**ASSIGNMENT:** Each entry below is to be reproduced exactly, though any pictures it holds must be omitted.

**SOURCE RECORDS:**
• • • •

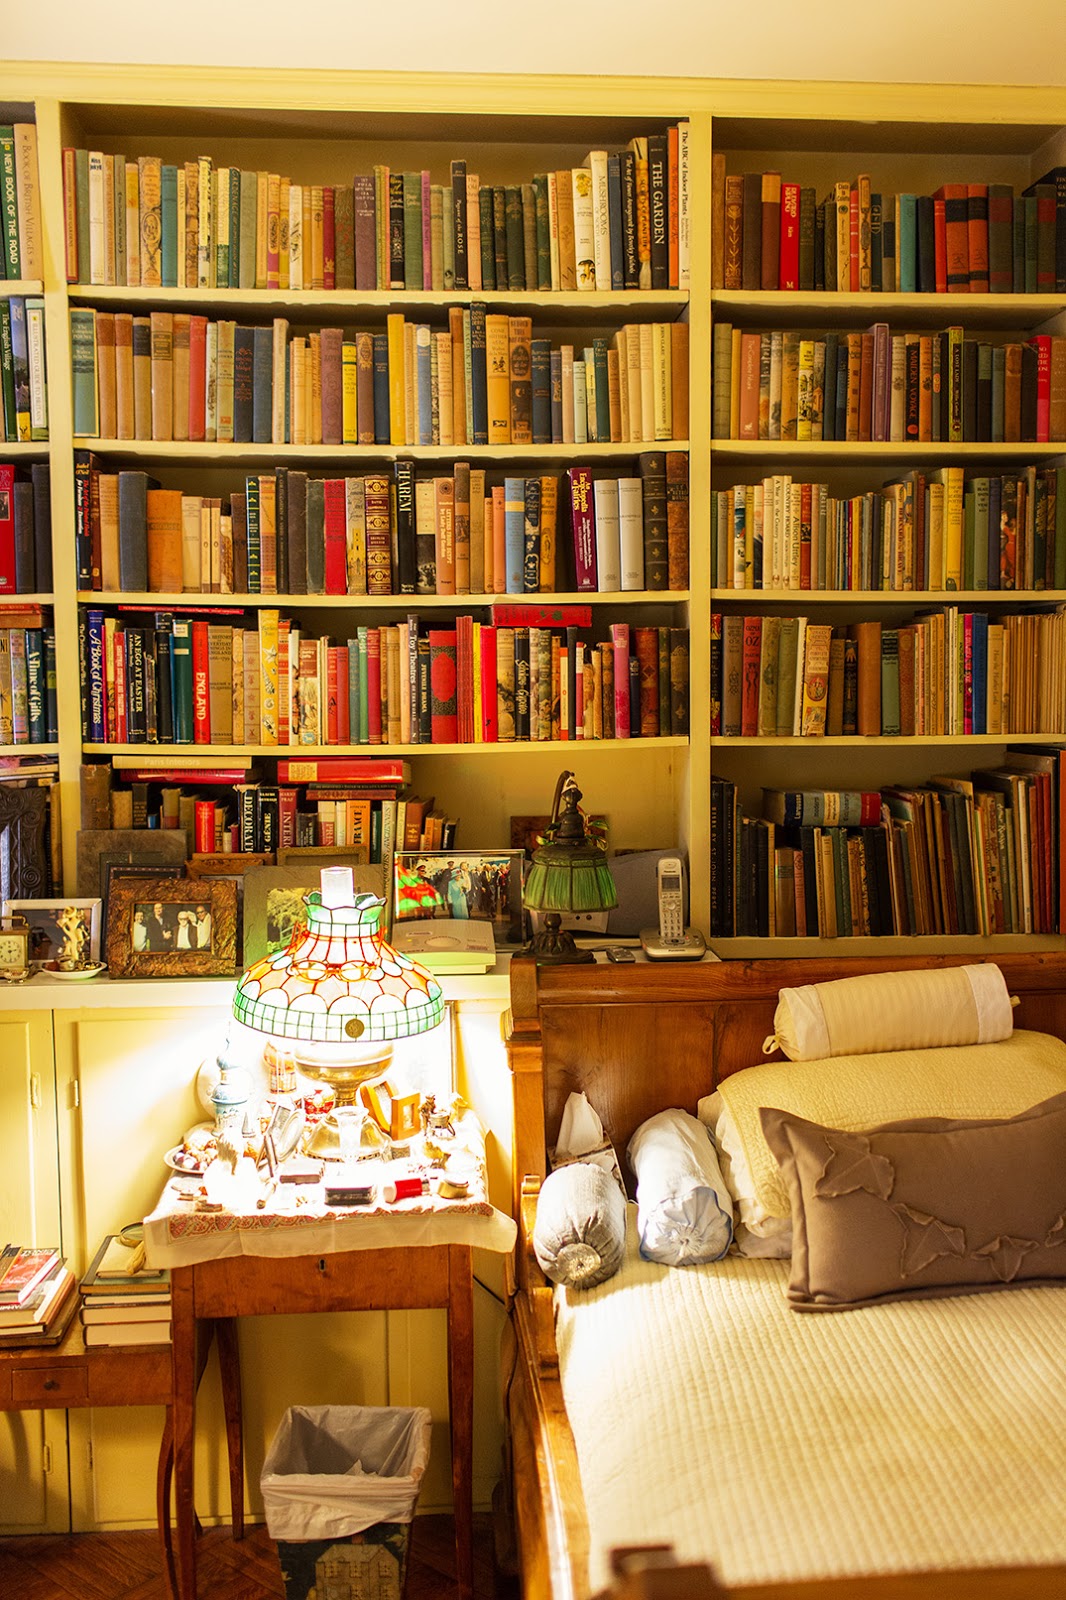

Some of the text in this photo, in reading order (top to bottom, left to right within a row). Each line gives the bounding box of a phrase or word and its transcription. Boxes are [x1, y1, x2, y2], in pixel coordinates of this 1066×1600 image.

[4, 153, 18, 263] NEW BOOK OF THE ROAD
[22, 145, 34, 255] BOOK OF BRITISH VILLAGES
[598, 176, 608, 235] MUSHROOMS
[652, 161, 664, 244] THE GARDEN
[2, 326, 11, 349] English
[32, 323, 40, 364] ILLUSTRATED
[3, 349, 11, 370] Village
[34, 387, 41, 395] TO
[909, 350, 918, 419] MAIDEN VOYAGE
[399, 470, 411, 512] HAREM
[579, 473, 588, 512] Encyclopedia
[586, 482, 591, 490] An
[791, 542, 799, 566] Uttley
[409, 635, 418, 684] Toy Theatres
[746, 636, 760, 646] OZ
[29, 658, 41, 685] Time
[29, 686, 42, 696] of
[89, 629, 103, 724] A Book of Christmas
[134, 634, 143, 712] AN EGG AT EASTER
[29, 696, 42, 722] Gifts
[196, 672, 206, 720] ENGLAND
[145, 759, 164, 767] Paris
[244, 796, 253, 853] DECORATI
[794, 794, 802, 820] Larousse
[354, 811, 362, 844] FRANCE
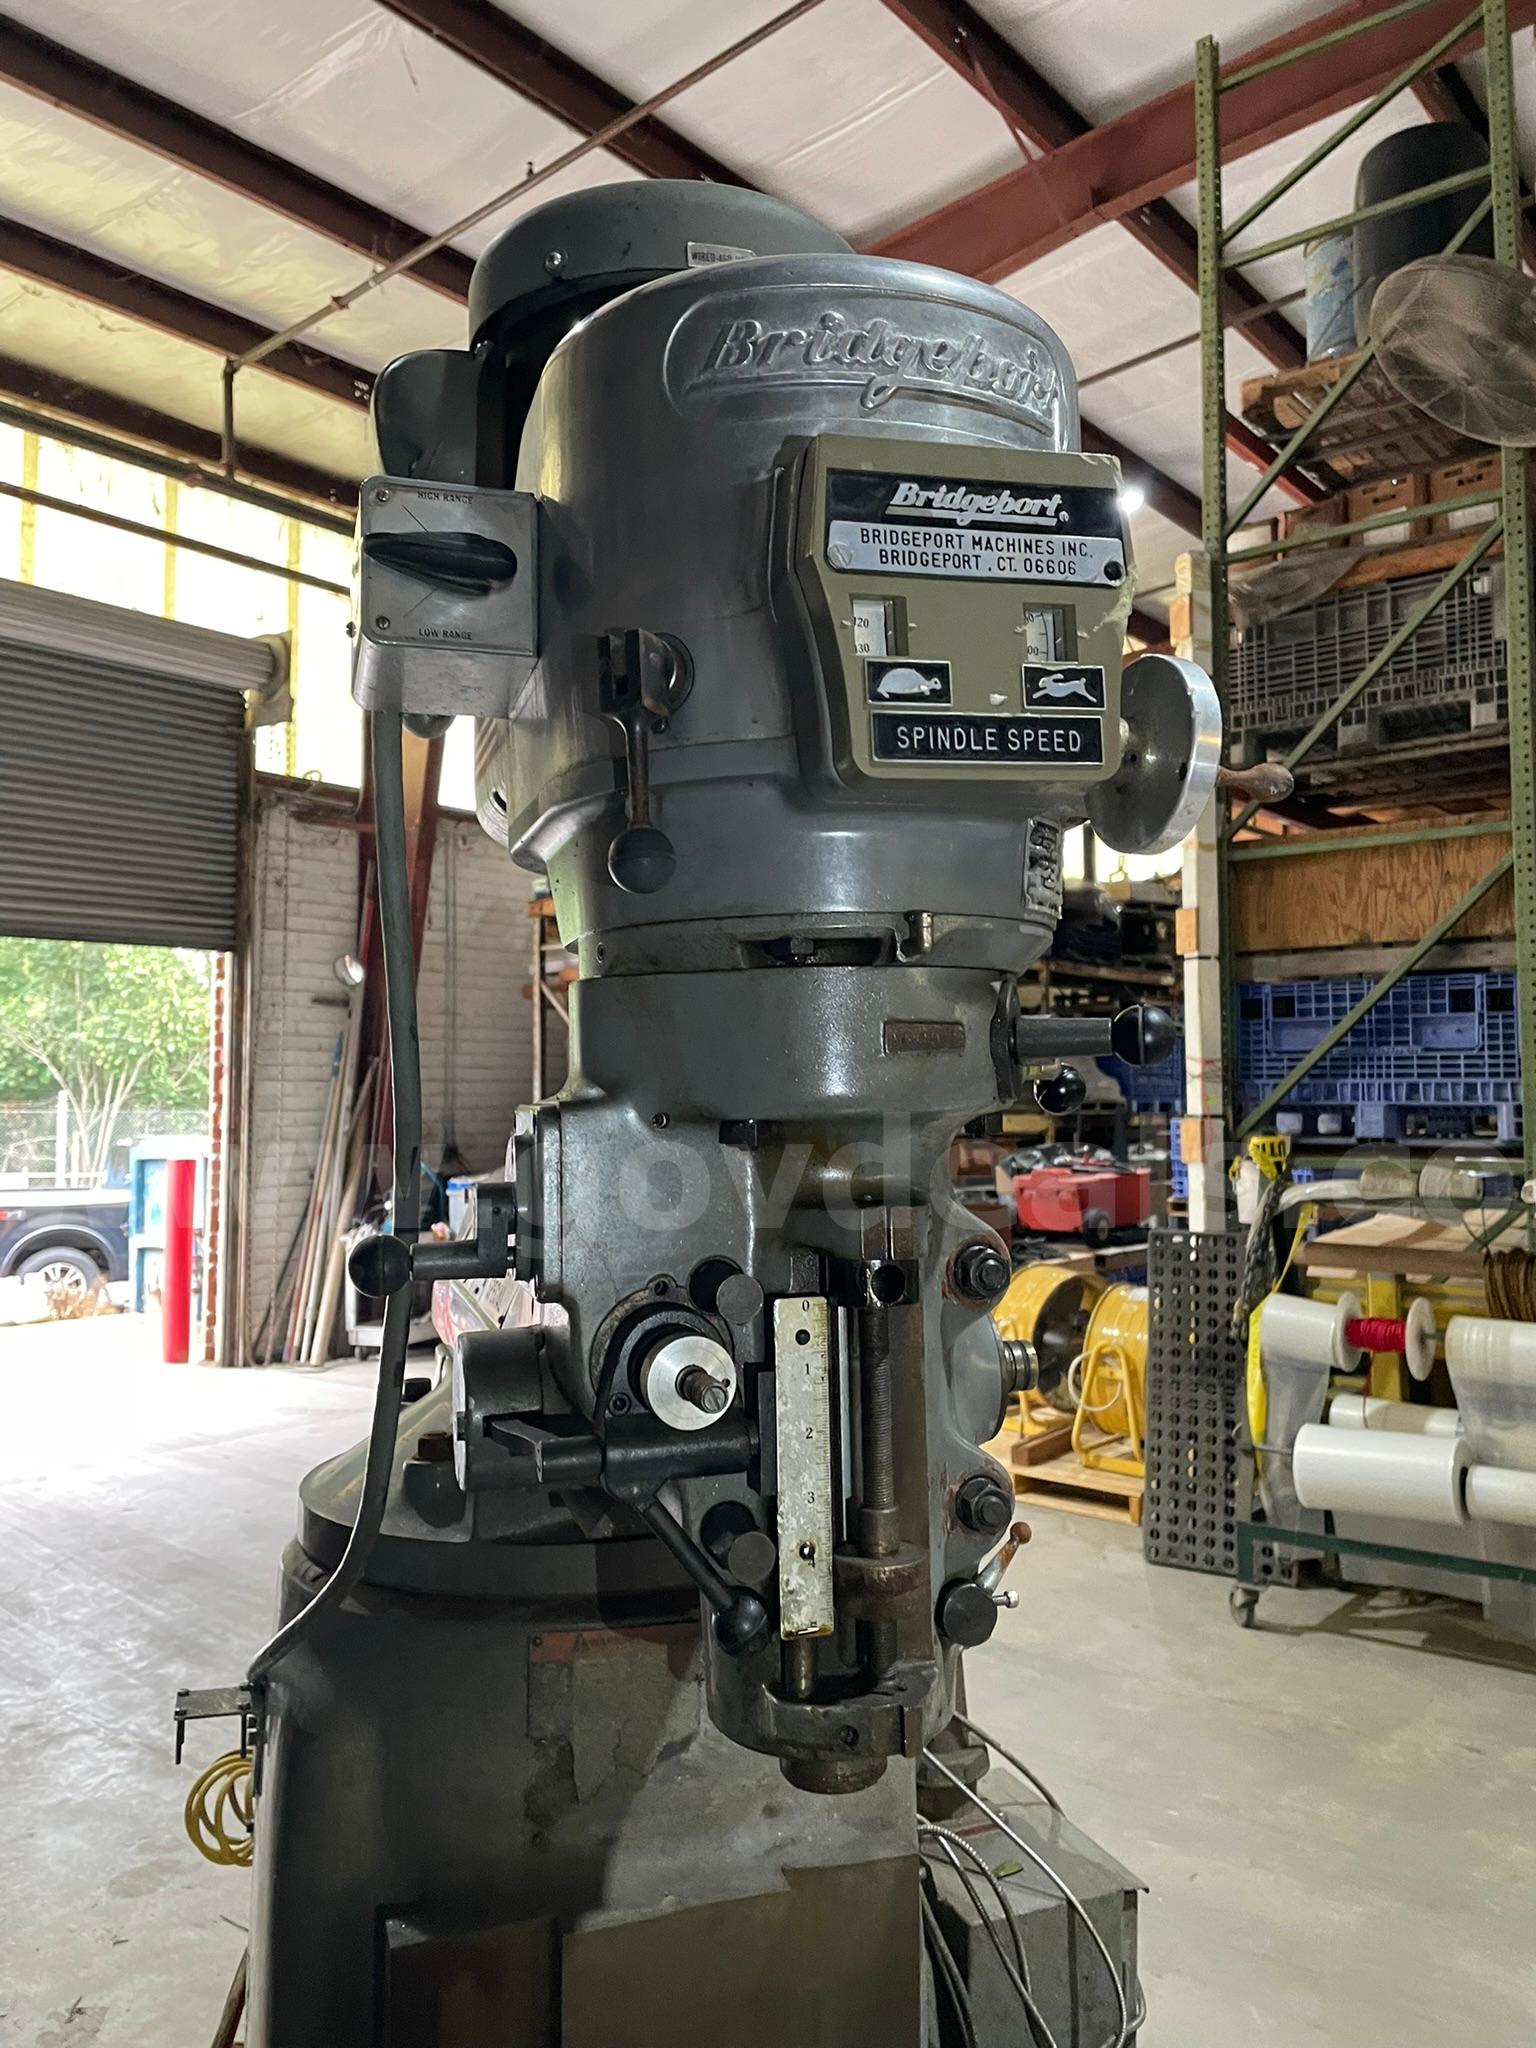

• • • •

**RESULT OF THE EXERCISE:**
Some of the text in this photo, in reading order (top to bottom, left to right within a row). Each line gives the bounding box of a phrase or word and its transcription. Boxes are [x1, y1, x2, y2], in pixel coordinates of this 1066×1600 image.

[4, 153, 18, 263] NEW BOOK OF THE ROAD
[22, 145, 34, 255] BOOK OF BRITISH VILLAGES
[598, 176, 608, 235] MUSHROOMS
[652, 161, 664, 244] THE GARDEN
[2, 326, 11, 349] English
[32, 323, 40, 364] ILLUSTRATED
[3, 349, 11, 370] Village
[34, 387, 41, 395] TO
[909, 350, 918, 419] MAIDEN VOYAGE
[399, 470, 411, 512] HAREM
[579, 473, 588, 512] Encyclopedia
[586, 482, 591, 490] An
[791, 542, 799, 566] Uttley
[409, 635, 418, 684] Toy Theatres
[746, 636, 760, 646] OZ
[29, 658, 41, 685] Time
[29, 686, 42, 696] of
[89, 629, 103, 724] A Book of Christmas
[134, 634, 143, 712] AN EGG AT EASTER
[29, 696, 42, 722] Gifts
[196, 672, 206, 720] ENGLAND
[145, 759, 164, 767] Paris
[244, 796, 253, 853] DECORATI
[794, 794, 802, 820] Larousse
[354, 811, 362, 844] FRANCE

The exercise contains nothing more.